Был один из вечеров, когда Орлова пригласила Ирину Сергеевну Вульф к себе домой, на Бронную, куда она к тому времени переехала. Хотела что-то уточнить или попробовать в роли. Удачной, видимо, оказалась, эта вечерняя репетиция, после которой Орлова предложила бабушке выпить по рюмке коньяку, потом еще по одной. Ощущение легкости и приязни поддерживалось теплым осенним вечером. Когда они встали из-за стола, было совсем поздно, и Орлова предложила проводить Ирину Сергеевну до площади Маяковского — полпути от ее дома до 3-й Тверской-Ямской, где жила Вульф. Не торопясь, они прошли площадь Маяковского, двинулись дальше по улице Горького и оказались возле ресторана «Якорь», невдалеке от дома Ирины Сергеевны, которая не захотела отпустить Любочку одну, и они отправились обратно до Бронной. Потом все повторилось — еще и еще раз, то ли потому, что было не ясно, кто из двоих все же возвращался к себе в одиночестве, кажется, они и до сих пор ходят по ночной Москве своего прошлого, не умея расстаться, забыв, как это делается в земной жизни.
Ирина Сергеевна и предложила дирекции пригласить на роль Норы молодую актрису, запомнившуюся всем по фильму «Дама с собачкой».

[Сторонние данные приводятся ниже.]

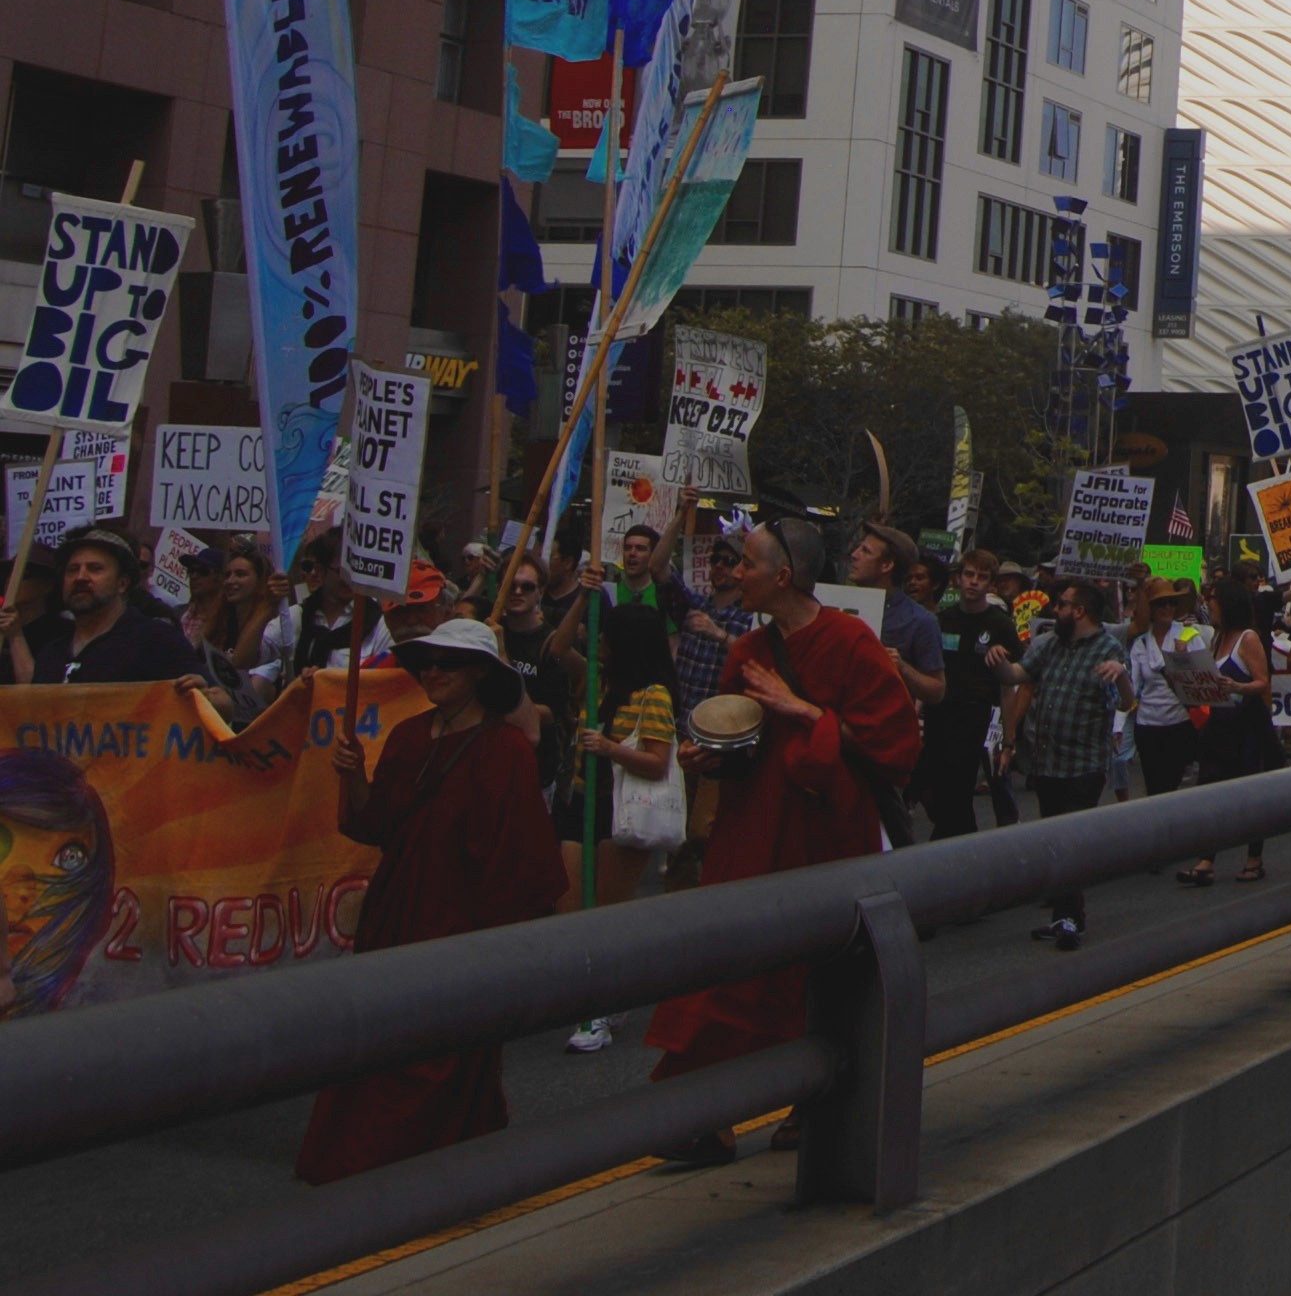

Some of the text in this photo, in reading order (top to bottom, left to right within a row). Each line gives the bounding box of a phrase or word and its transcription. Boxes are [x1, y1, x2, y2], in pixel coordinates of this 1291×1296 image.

[558, 110, 625, 129] THE BROD
[1170, 165, 1187, 275] THE EMERSON
[49, 212, 180, 275] STAND
[43, 260, 166, 321] UP TO
[25, 306, 149, 370] BIG
[302, 270, 349, 407] 100%
[405, 353, 479, 389] BWAY
[11, 361, 129, 422] OIL
[1239, 373, 1280, 402] UP
[670, 396, 749, 441] KEEP OIL
[73, 440, 117, 459] CHANGE
[161, 432, 221, 470] KEEP
[358, 436, 395, 471] NOT
[13, 469, 39, 480] FROM
[1081, 476, 1146, 495] JAIL for
[17, 492, 30, 501] TO
[160, 482, 202, 521] TAX
[378, 490, 407, 520] ST.
[1074, 490, 1148, 512] Corporate
[1072, 506, 1145, 527] Polluters!
[169, 530, 200, 554] PEOPLE
[1062, 545, 1072, 554] is
[1065, 529, 1142, 548] capitalism
[159, 554, 189, 580] PLANE
[1157, 562, 1188, 572] LIVES
[156, 574, 181, 596] OVER
[17, 722, 152, 758] CLIMATE
[105, 886, 143, 962] 2

Никаких; тайн от Орловой тут не было.
М. Никонову удалось убедить Завадского в том, что Ия Саввина способна стать открытием в этой роли. Это был уникальный директор — Михаил Семенович Никонов, может быть лучший в то время, начала шестидесятых. При нем вернулась в театр Раневская, пришли Терехова, Бероев, Талызина. Это он отстаивал «В дороге» Розова — спектакль, в котором Анисимова-Вульф открыла Москве и Парижу (на гастролях) ни на что не похожее дарование Бортникова.

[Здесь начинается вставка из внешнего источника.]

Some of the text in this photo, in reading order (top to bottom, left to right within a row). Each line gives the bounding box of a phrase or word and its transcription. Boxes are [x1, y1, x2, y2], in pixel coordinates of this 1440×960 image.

Дебют Саввиной был волнителен вдвойне: первое появление на профессиональной сцене, причем в роли, которую играла сама Орлова.

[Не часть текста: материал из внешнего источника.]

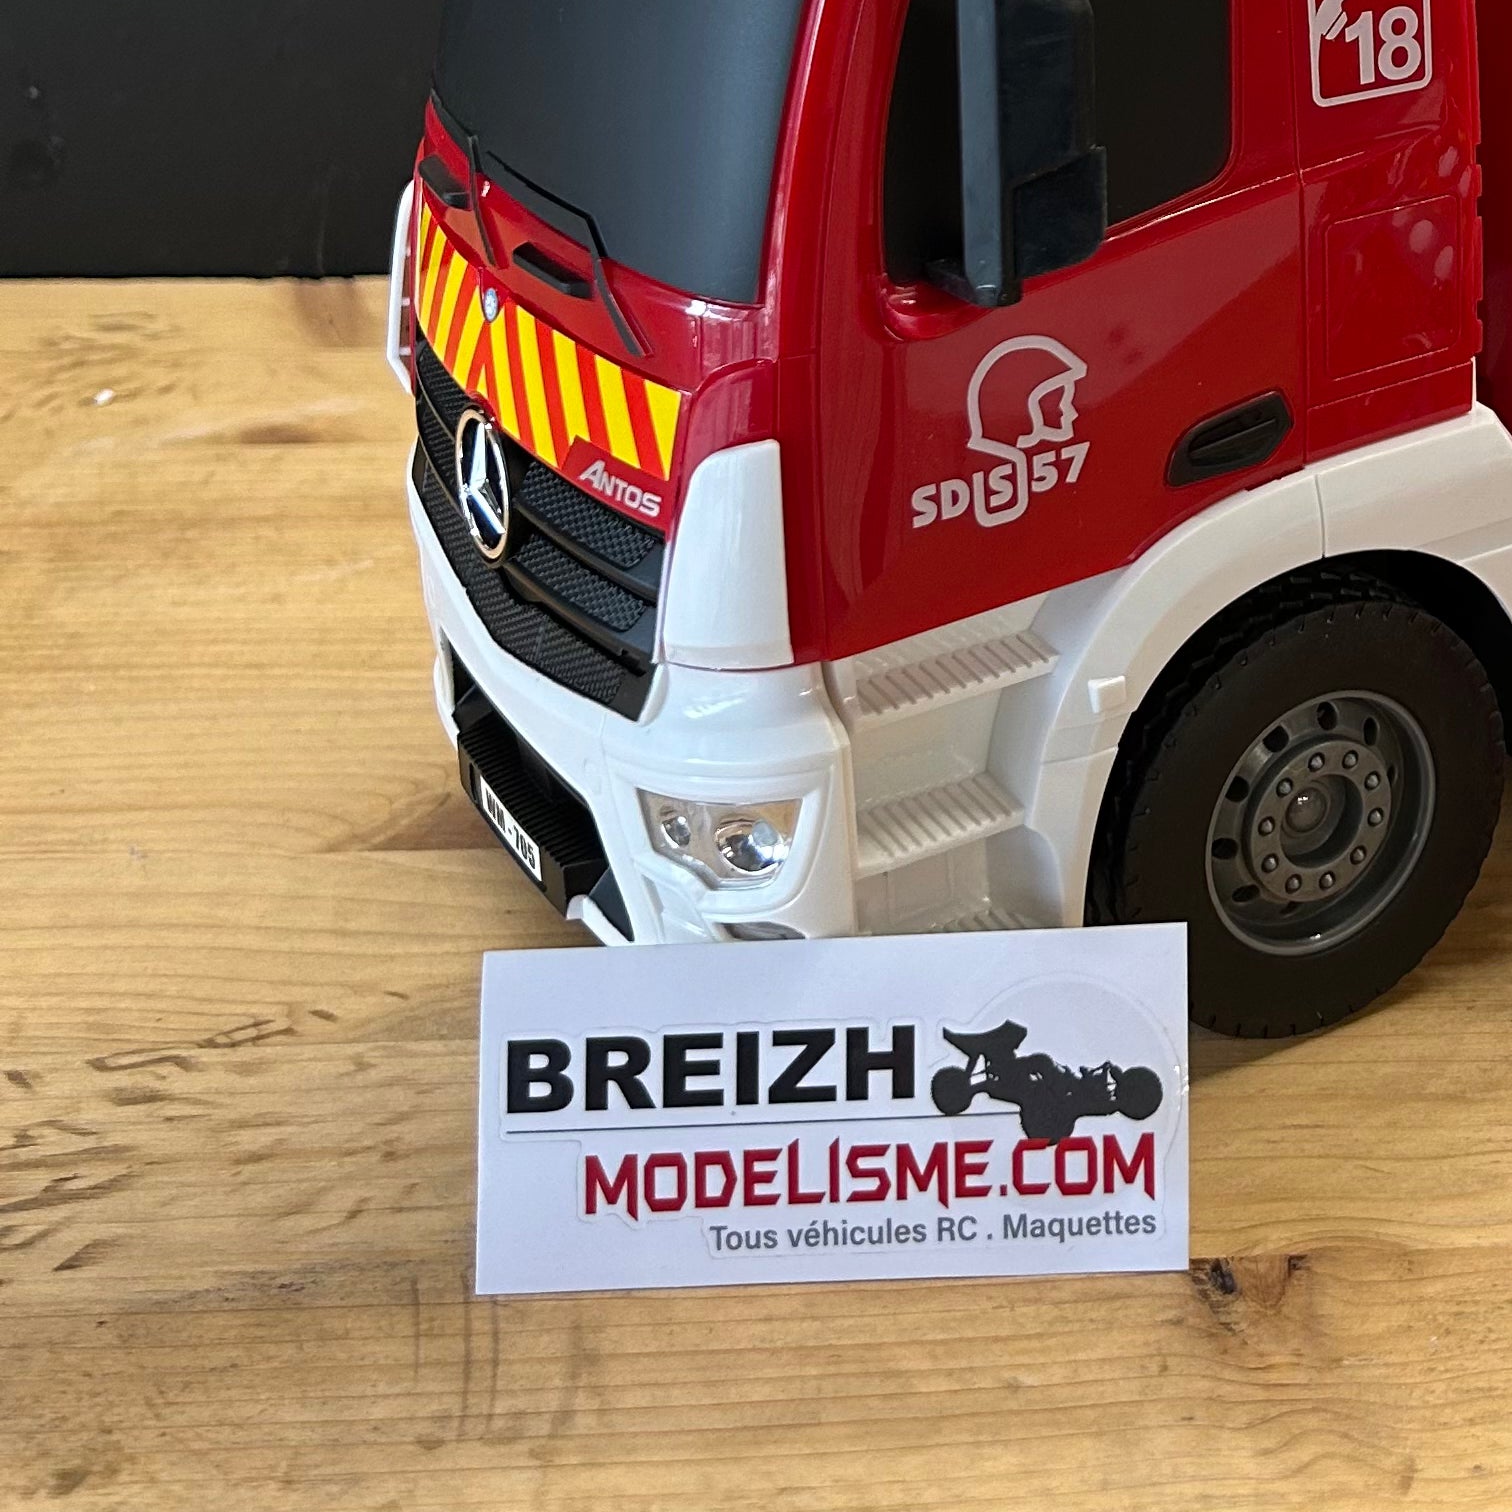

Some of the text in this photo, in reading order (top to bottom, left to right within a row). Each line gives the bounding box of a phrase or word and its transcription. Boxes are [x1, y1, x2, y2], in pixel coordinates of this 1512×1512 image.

[1345, 6, 1422, 85] 18
[506, 1025, 915, 1115] BREIZH
[584, 1133, 1155, 1221] MODELISME.COM
[710, 1224, 779, 1251] Tous
[787, 1218, 928, 1250] véhicules
[937, 1217, 978, 1243] RC
[1002, 1210, 1156, 1246] Maquettes

Человек, мало-мальски знакомый с внутритеатральными нравами, может представить, какая сложная и часто взрывоопасная смесь вскипает на внутреннем огоньке подобных замещений. Напряженное и хищное выжидание, затаенный ужас неминуемого провала, или почти открыто ликующее его предвидение, не сбывшееся в последний момент. Первая исполнительница не пришла, но ее мастеровитый призрак присутствовал за кулисами.
В тот вечер во Внуково Орлова часто поглядывала на часы. В пятнадцать минут одиннадцатого, смешав карты в очередной раз не сошедшегося пасьянса, она прошла в гостиную, где сидели Александров и Нонна Голикова. Абсолютно ровным голосом сказала: «Григорий Васильевич, пожалуйста позвоните, — передали Саввиной цветы и записку?»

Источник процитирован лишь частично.